Extracted data entries
╭──

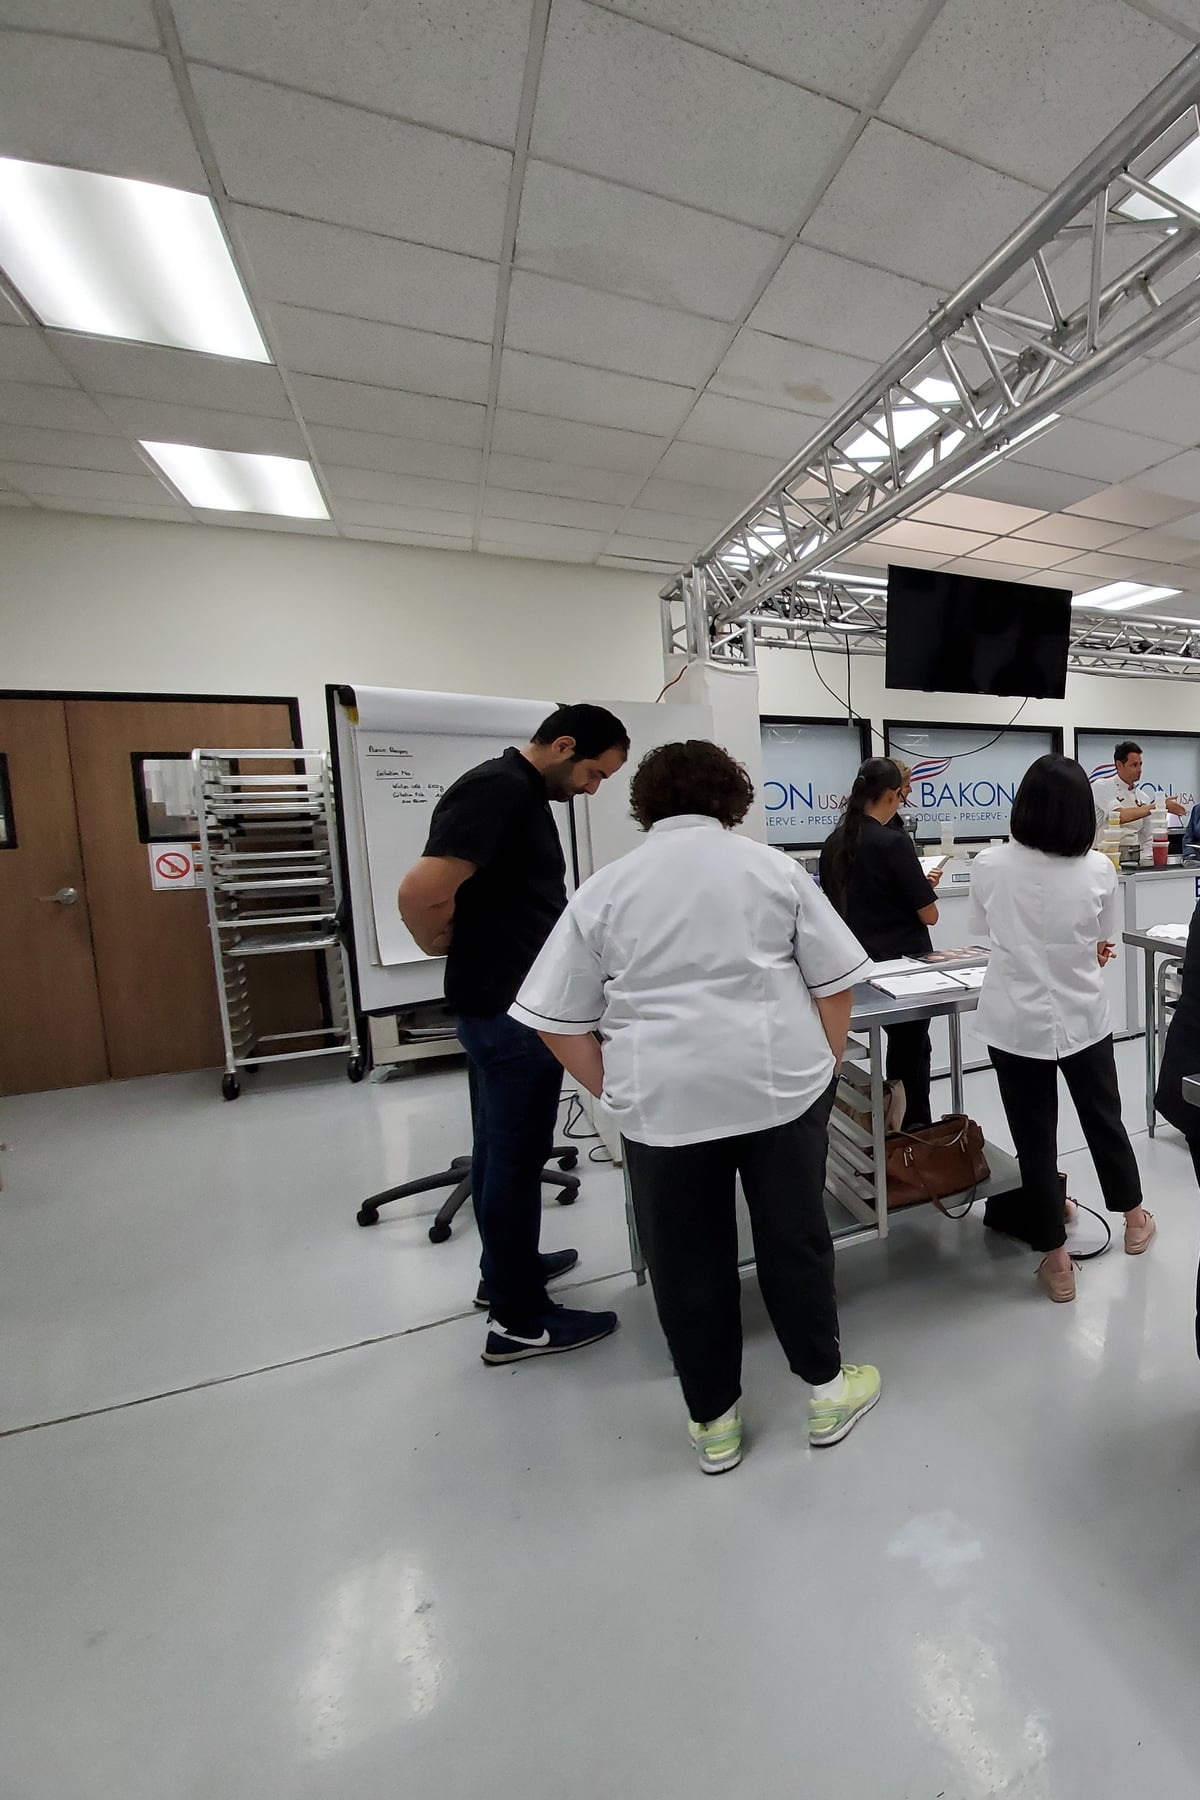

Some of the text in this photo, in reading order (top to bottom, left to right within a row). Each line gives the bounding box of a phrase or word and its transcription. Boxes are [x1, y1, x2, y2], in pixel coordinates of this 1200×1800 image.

[818, 794, 848, 810] USA
[921, 781, 1016, 807] BAKON
[960, 811, 1002, 821] PRESERVE
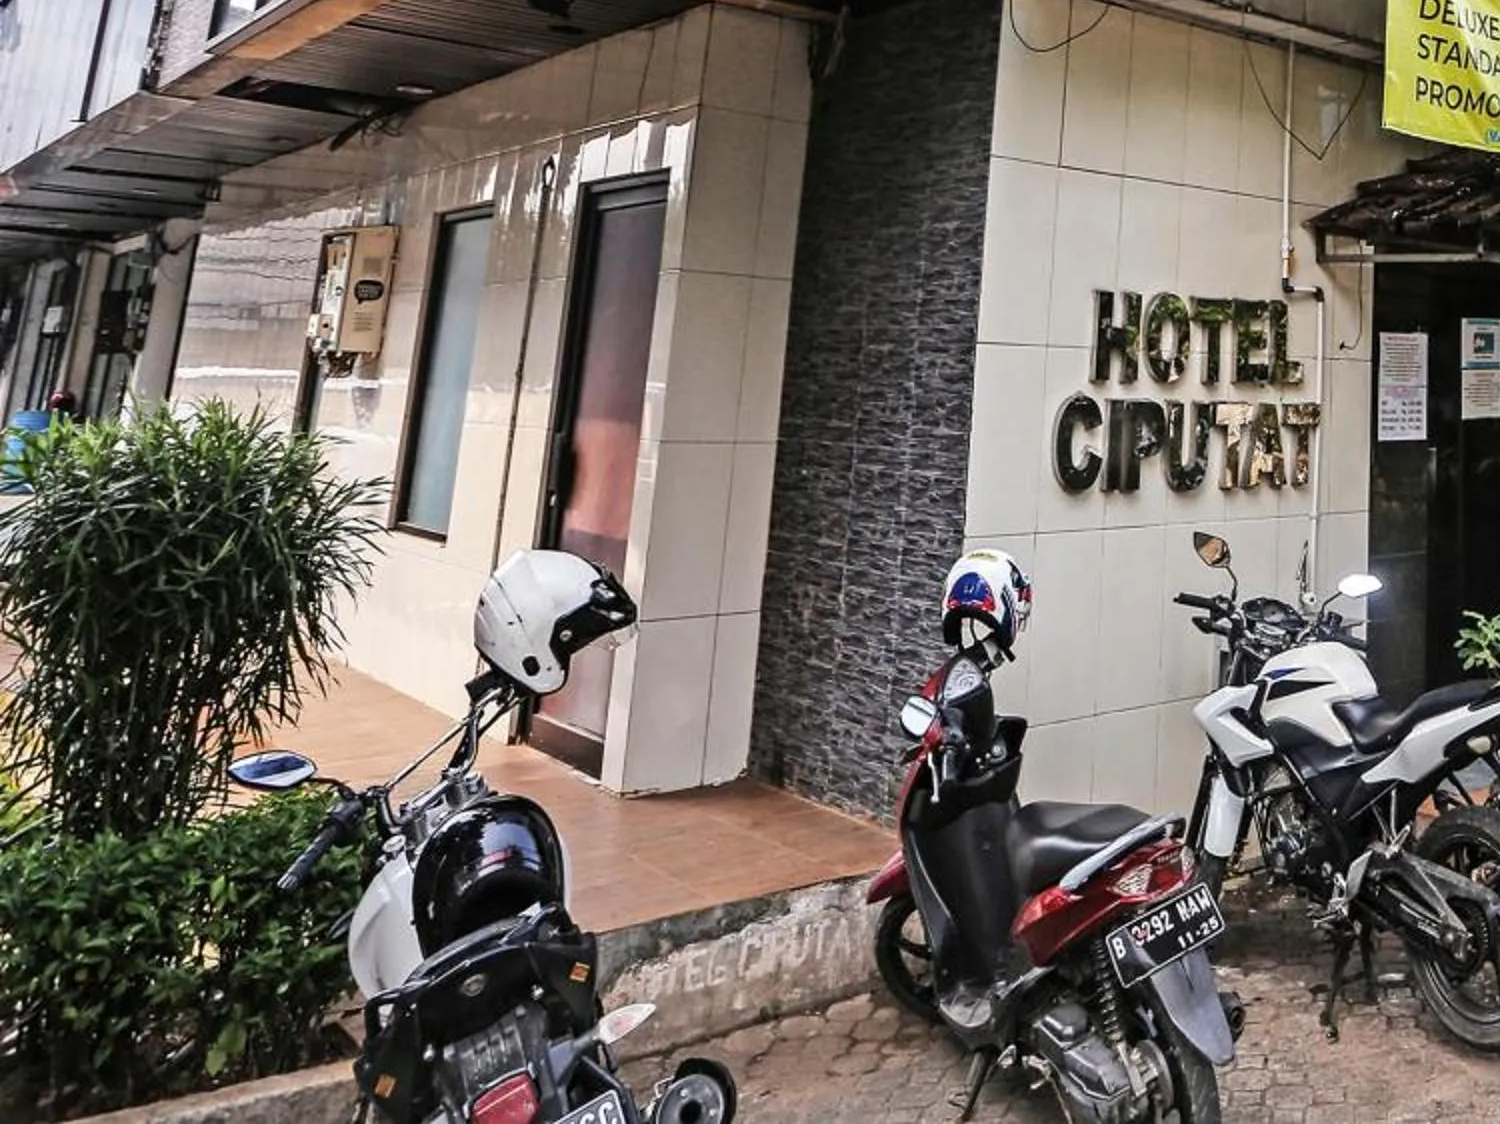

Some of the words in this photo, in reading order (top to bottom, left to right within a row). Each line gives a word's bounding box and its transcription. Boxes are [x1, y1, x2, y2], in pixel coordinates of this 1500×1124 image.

[1088, 288, 1304, 387] HOTEL
[1051, 390, 1321, 492] CIPUTAT
[1111, 936, 1127, 960] B
[1131, 909, 1175, 946] 3292

╰──

[Assigned task] Output the records above in their entirety and exactly, leaving out all images.

[Answer box]
Some of the text in this photo, in reading order (top to bottom, left to right within a row). Each line gives the bounding box of a phrase or word and its transcription. Boxes are [x1, y1, x2, y2], in pixel coordinates of this 1200×1800 image.

[818, 794, 848, 810] USA
[921, 781, 1016, 807] BAKON
[960, 811, 1002, 821] PRESERVE

Some of the words in this photo, in reading order (top to bottom, left to right within a row). Each line gives a word's bounding box and its transcription. Boxes are [x1, y1, x2, y2], in pixel coordinates of this 1500×1124 image.

[1088, 288, 1304, 387] HOTEL
[1051, 390, 1321, 492] CIPUTAT
[1111, 936, 1127, 960] B
[1131, 909, 1175, 946] 3292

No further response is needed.